Life Unexpected

Hello readers. So the next time I was going to blog, I was planning on talking about mental struggles I've been going through the past week, especially last weekend. Well, I am going to talk about some mental struggles, but not the stories I originally planned on talking about. It's a subject I still want to one day touch on, but this one I really have to share. It's about what happened to me on December 14th, 2017.

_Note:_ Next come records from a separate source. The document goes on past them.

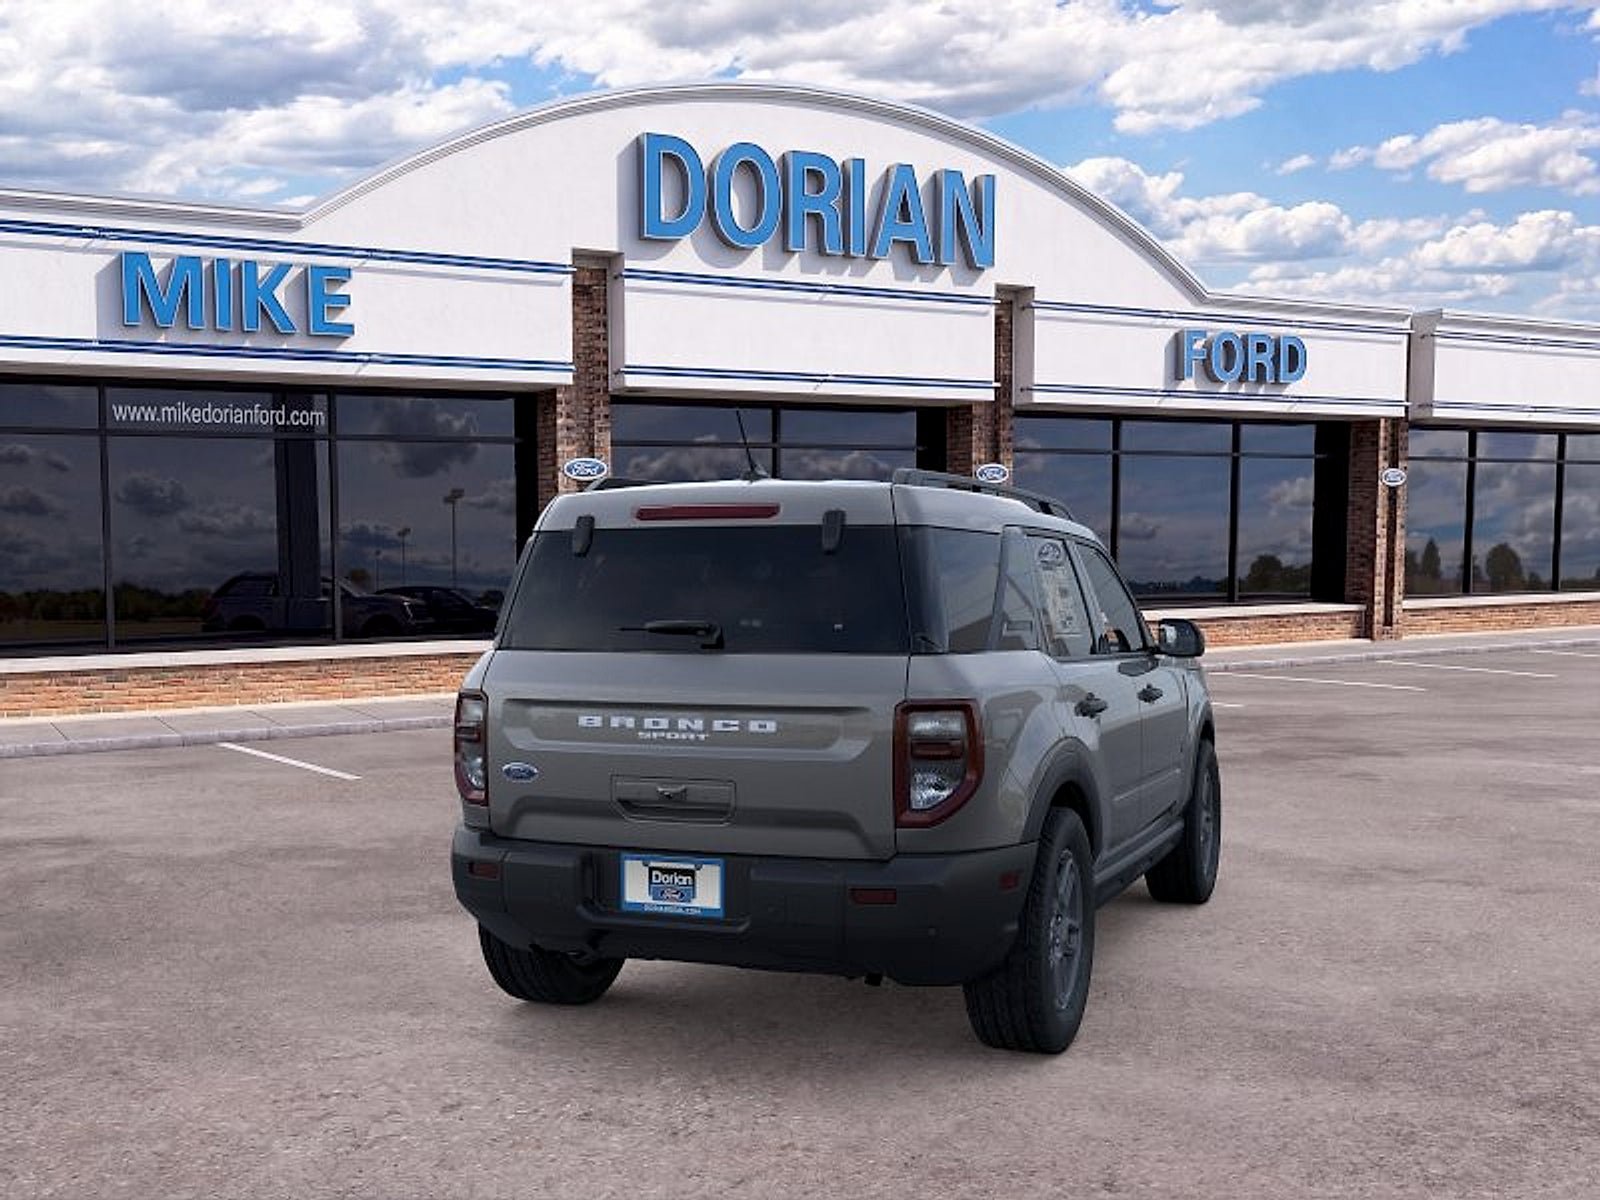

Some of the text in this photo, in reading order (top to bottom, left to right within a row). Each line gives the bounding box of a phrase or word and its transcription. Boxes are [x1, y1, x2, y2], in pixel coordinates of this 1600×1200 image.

[640, 132, 996, 270] DORIAN
[121, 251, 355, 338] MIKE
[1182, 328, 1308, 384] FORD
[112, 402, 326, 426] www.mikedorianford.com
[578, 715, 778, 733] BRONCO
[638, 731, 708, 741] SPORT
[651, 870, 693, 885] Dorian

Before I get to that day, lets do a little backtracking. On November 28th, I've been struggling with, what I originally thought, a cold. They're not fun, I certainly do not enjoy having a cold, and once I get a cold, I take anything and everything, drink several kinds of teas and lots of liquids, and eat so much chicken noodle soup, in order to get better. For me, my colds only last a week and go through stages. Day one I have a sore throat, day two my nose is stuffy and runny, day three are the coughs, and so on and so forth. Well, by day three..four..seven, my cold wasn't the same.

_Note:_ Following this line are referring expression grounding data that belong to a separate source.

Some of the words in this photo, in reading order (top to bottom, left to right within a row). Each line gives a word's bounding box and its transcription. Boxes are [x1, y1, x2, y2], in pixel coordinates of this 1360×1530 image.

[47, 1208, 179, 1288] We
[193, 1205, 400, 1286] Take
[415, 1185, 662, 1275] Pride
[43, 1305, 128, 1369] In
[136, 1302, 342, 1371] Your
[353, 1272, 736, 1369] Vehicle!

After day five, I noticed that my nose was still extremely stuffy still and it just wouldn't end. After doing a little research, I realized, "I don't have a cold, I have a sinus infection". The last time I had a sinus infection was in December 2014, and I'm pretty sure I didn't get better until a little after three weeks. So my month starting with having to deal with a sinus infection really wasn't great. So lets fast forward to Wednesday, December 13th, 2017. I started noticing signs of getting better! I barely blew my nose, I had some coughing here and there, but nothing sever. I was so excited because this coming Sunday, I'm going to help out my church on this amazing event where the church helps families in the neighborhood who are struggling financially. In the event, the church goers are given a chance to donate items for the Christmas shop, and in the shop, the children, who are in families that struggle financially, are given an opportunity to "buy" the items donated to give to their parents as gifts for Christmas.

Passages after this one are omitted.